I LOVE LOVE LOVE my Les Poochs (yellow) for puppy. But I have a mini. It works wonder for us.


----------



## Countryboy

truelovepoodles said:


> a lot slicker brushes for sale at big box pet stores are for Pet use only and are much too sharp and wiry for the poodle coat.


Oh yeah?! I bought a slicker brush at the pet store. It wouldn't even touch his coat! The tines immediately grabbed and the brush wouldn't move. I thought it was something *I* was doin' wrong.

I haven't even tried to brush him since...

**But see why I love to lurk in the 'grooming' threads? I learn things.


----------



## 3dogs

I actually am not a big fan of Les Pooches. For the price I want a product to last & all my Les Pooches Slickers last only a couple of months & then bite the dust. NOT worth it. My favorite are the Chris Christenson brushes. I used the curved slickers (my choice) the Med are around $25.00 & do a great job, wooden & the tines last. I just bought 2 more at my grooming show. My CC has lasted 4 months so far & that is longer than my LP. So I will stick with my CC, save money & go find the sales. The cheap slickers aren't worth it.


----------



## outwest

My cheap slicker lasted 20 years.  I like it just fine. It doesn't scratch or pull like the dumb one I bought at the pet shop. The one from the pet shop wouldn't even go through her puppy fur. I think because it had a rubbery bouncy base so the wires flexed too much. I am sure it wouldn't work on adult poodle fur. Anyway, it's trashed.
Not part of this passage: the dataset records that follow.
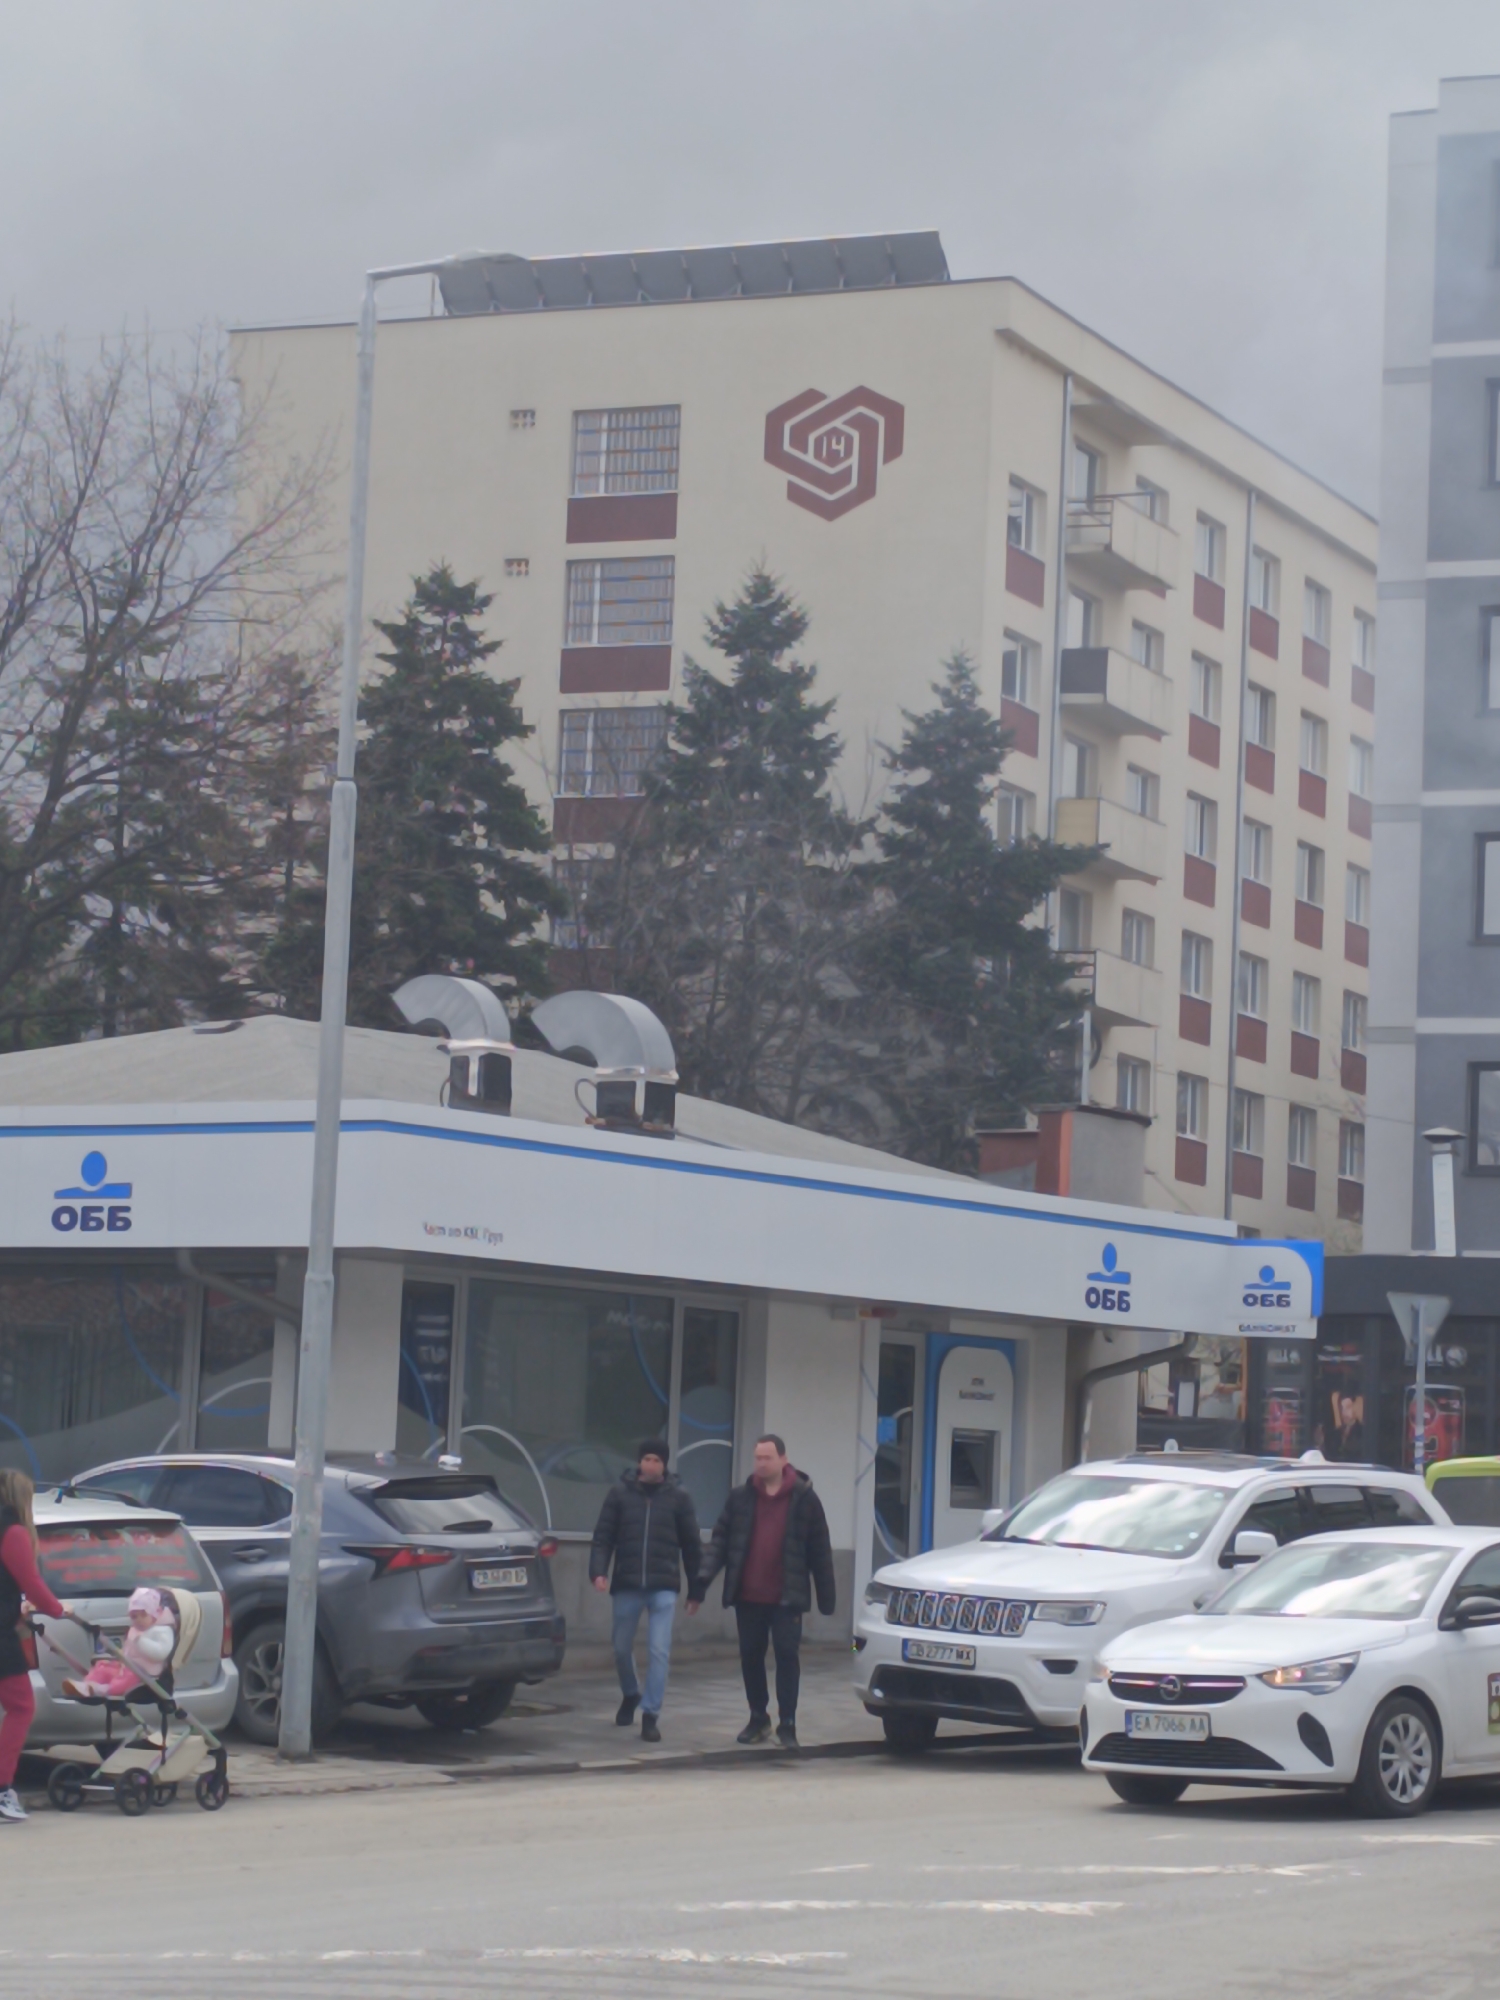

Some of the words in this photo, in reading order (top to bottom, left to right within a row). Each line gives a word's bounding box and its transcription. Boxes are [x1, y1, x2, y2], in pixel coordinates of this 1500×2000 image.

[822, 436, 845, 459] 14
[51, 1205, 132, 1232] ОББ
[1085, 1286, 1132, 1313] ОББ
[1242, 1293, 1292, 1308] ОББ
[1134, 1714, 1152, 1731] EA
Of course, I haven't gotten my slicker in the mail yet. It looks exactly the same as my last one. When I do I will report if it is the same. The tines on the last one did not scratch my pooch and the bend in the tine allowed it to grab, but not pull. The tines were fairly firm. I am also adept at using it, so see no reason to switch. I also use a metal comb with two different widths. I have a rake for snarls, but haven't needed it since my pup still has puppy hair and no snarls yet. The new one says it has softer tines than the old model, so perhaps I won't like it after all. I will report back.

It would be a hard sell for me to spend $100 or more on something that only lasts a few months as reported by 3dogs. If it had a lifetime guarantee, I would consider it. 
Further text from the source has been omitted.